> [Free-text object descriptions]
*** Begin section ***

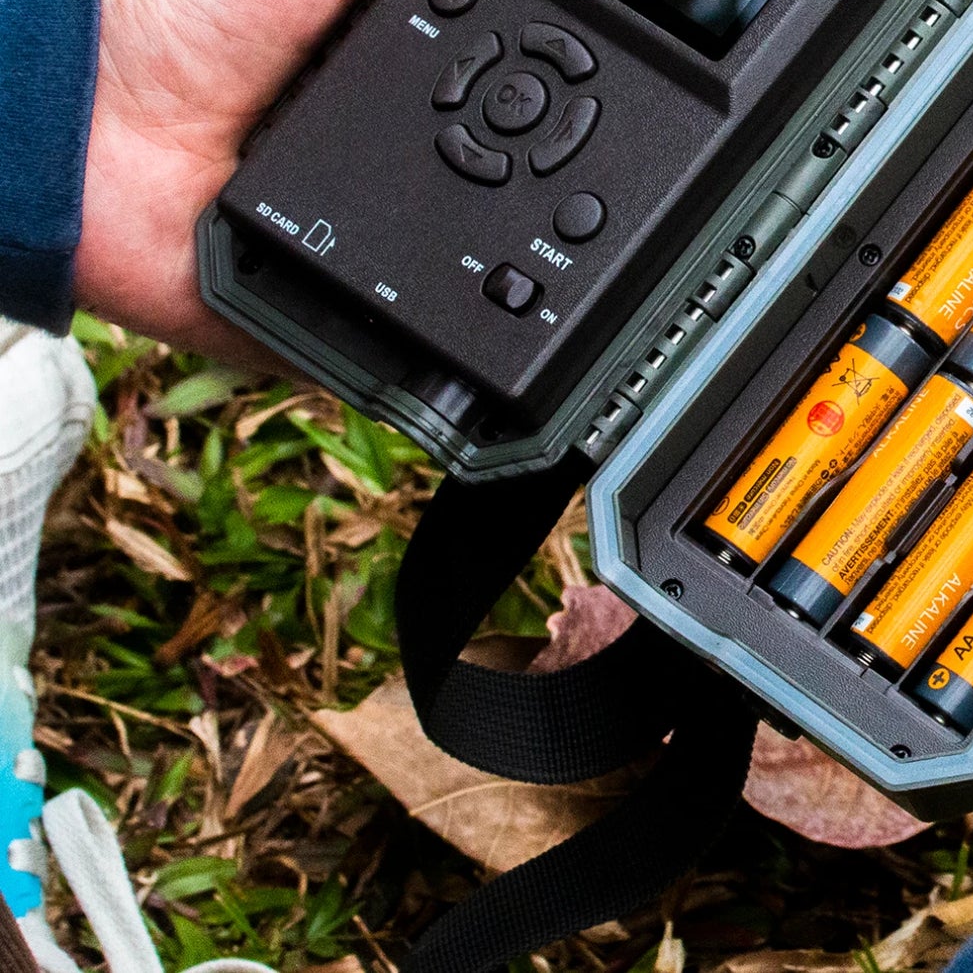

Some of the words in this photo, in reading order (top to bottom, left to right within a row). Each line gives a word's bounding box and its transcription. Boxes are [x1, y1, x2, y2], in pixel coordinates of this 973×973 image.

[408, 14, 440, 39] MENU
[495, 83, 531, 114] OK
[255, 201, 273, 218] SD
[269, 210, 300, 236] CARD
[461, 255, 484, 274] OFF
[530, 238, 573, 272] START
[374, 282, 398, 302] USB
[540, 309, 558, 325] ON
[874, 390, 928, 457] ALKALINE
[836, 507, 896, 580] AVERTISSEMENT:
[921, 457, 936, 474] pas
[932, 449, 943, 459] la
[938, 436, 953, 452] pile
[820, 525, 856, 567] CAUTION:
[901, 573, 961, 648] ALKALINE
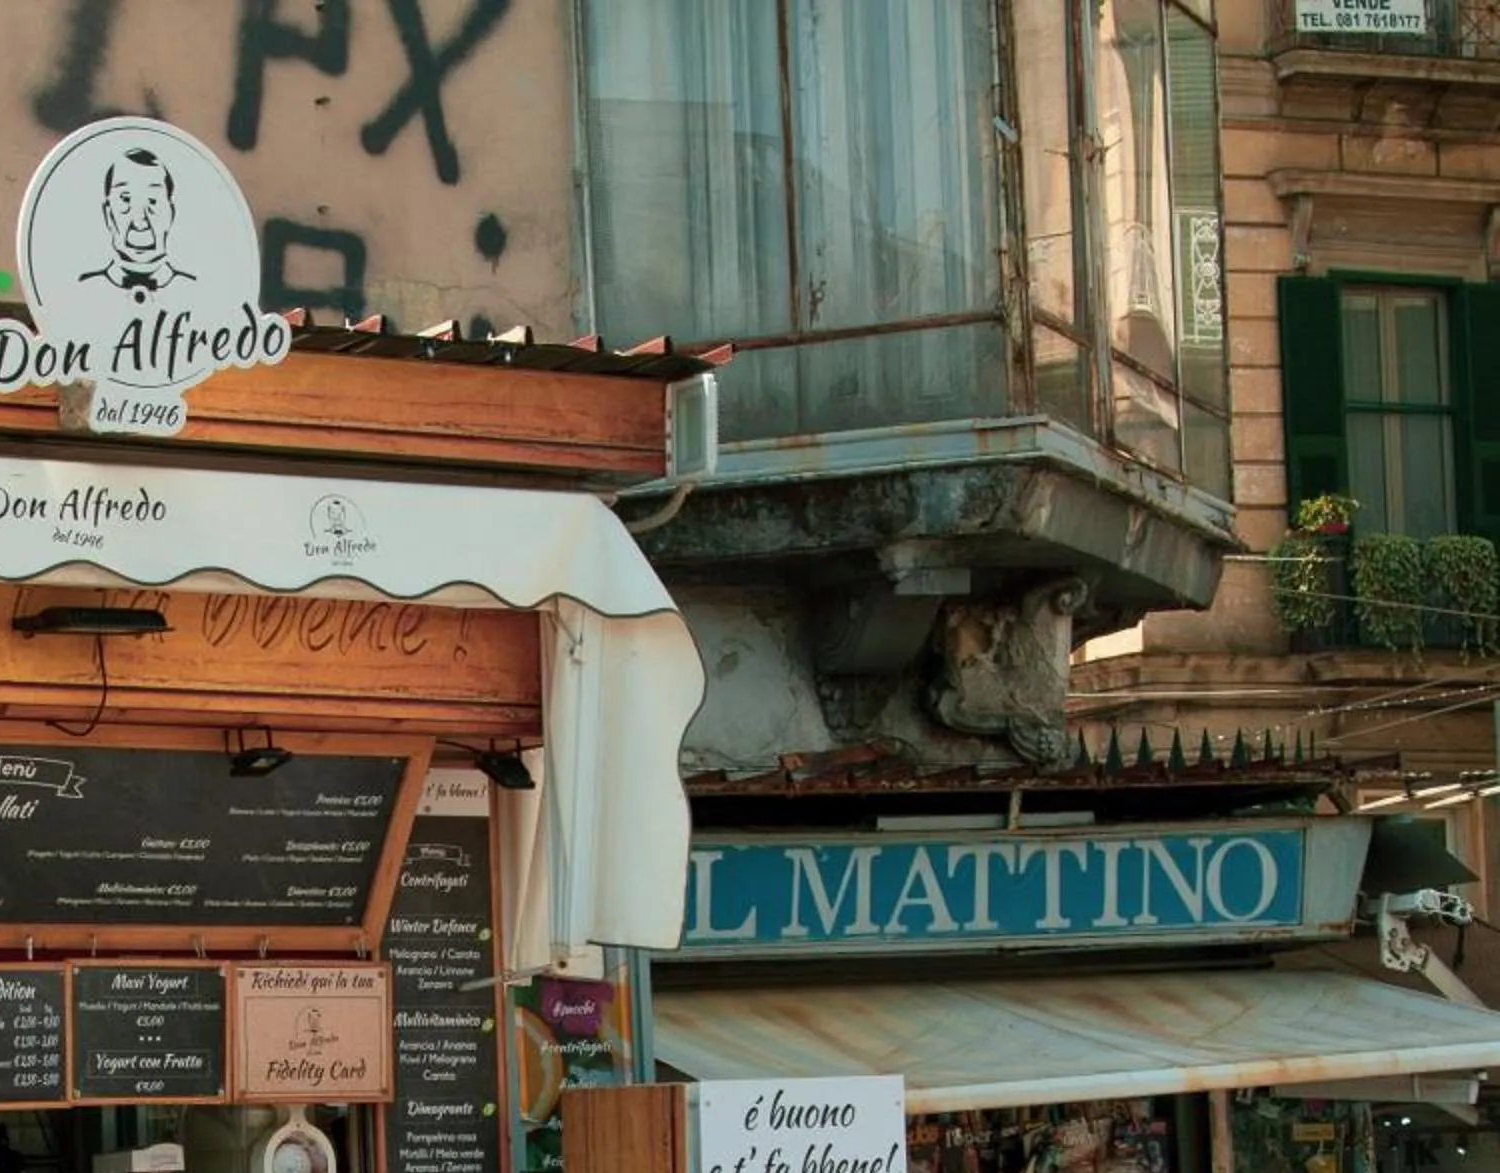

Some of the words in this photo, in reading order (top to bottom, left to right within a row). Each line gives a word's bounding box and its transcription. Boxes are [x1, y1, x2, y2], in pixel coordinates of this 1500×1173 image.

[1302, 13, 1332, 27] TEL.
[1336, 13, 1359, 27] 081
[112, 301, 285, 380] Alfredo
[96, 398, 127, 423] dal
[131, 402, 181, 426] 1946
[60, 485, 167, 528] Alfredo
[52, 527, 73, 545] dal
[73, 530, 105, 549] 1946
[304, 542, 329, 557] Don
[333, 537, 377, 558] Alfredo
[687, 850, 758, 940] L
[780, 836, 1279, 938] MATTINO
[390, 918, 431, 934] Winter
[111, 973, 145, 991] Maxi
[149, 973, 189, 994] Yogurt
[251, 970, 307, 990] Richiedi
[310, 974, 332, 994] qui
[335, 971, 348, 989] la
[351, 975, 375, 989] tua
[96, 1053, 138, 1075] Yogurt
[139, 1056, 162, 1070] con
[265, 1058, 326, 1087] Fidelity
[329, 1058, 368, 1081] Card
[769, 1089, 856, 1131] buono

*** End section ***

Return the records verbatim, minus pictures.

> [RESPONSE BELOW]
Some of the words in this photo, in reading order (top to bottom, left to right within a row). Each line gives a word's bounding box and its transcription. Boxes are [x1, y1, x2, y2], in pixel coordinates of this 973×973 image.

[408, 14, 440, 39] MENU
[495, 83, 531, 114] OK
[255, 201, 273, 218] SD
[269, 210, 300, 236] CARD
[461, 255, 484, 274] OFF
[530, 238, 573, 272] START
[374, 282, 398, 302] USB
[540, 309, 558, 325] ON
[874, 390, 928, 457] ALKALINE
[836, 507, 896, 580] AVERTISSEMENT:
[921, 457, 936, 474] pas
[932, 449, 943, 459] la
[938, 436, 953, 452] pile
[820, 525, 856, 567] CAUTION:
[901, 573, 961, 648] ALKALINE

Some of the words in this photo, in reading order (top to bottom, left to right within a row). Each line gives a word's bounding box and its transcription. Boxes are [x1, y1, x2, y2], in pixel coordinates of this 1500×1173 image.

[1302, 13, 1332, 27] TEL.
[1336, 13, 1359, 27] 081
[112, 301, 285, 380] Alfredo
[96, 398, 127, 423] dal
[131, 402, 181, 426] 1946
[60, 485, 167, 528] Alfredo
[52, 527, 73, 545] dal
[73, 530, 105, 549] 1946
[304, 542, 329, 557] Don
[333, 537, 377, 558] Alfredo
[687, 850, 758, 940] L
[780, 836, 1279, 938] MATTINO
[390, 918, 431, 934] Winter
[111, 973, 145, 991] Maxi
[149, 973, 189, 994] Yogurt
[251, 970, 307, 990] Richiedi
[310, 974, 332, 994] qui
[335, 971, 348, 989] la
[351, 975, 375, 989] tua
[96, 1053, 138, 1075] Yogurt
[139, 1056, 162, 1070] con
[265, 1058, 326, 1087] Fidelity
[329, 1058, 368, 1081] Card
[769, 1089, 856, 1131] buono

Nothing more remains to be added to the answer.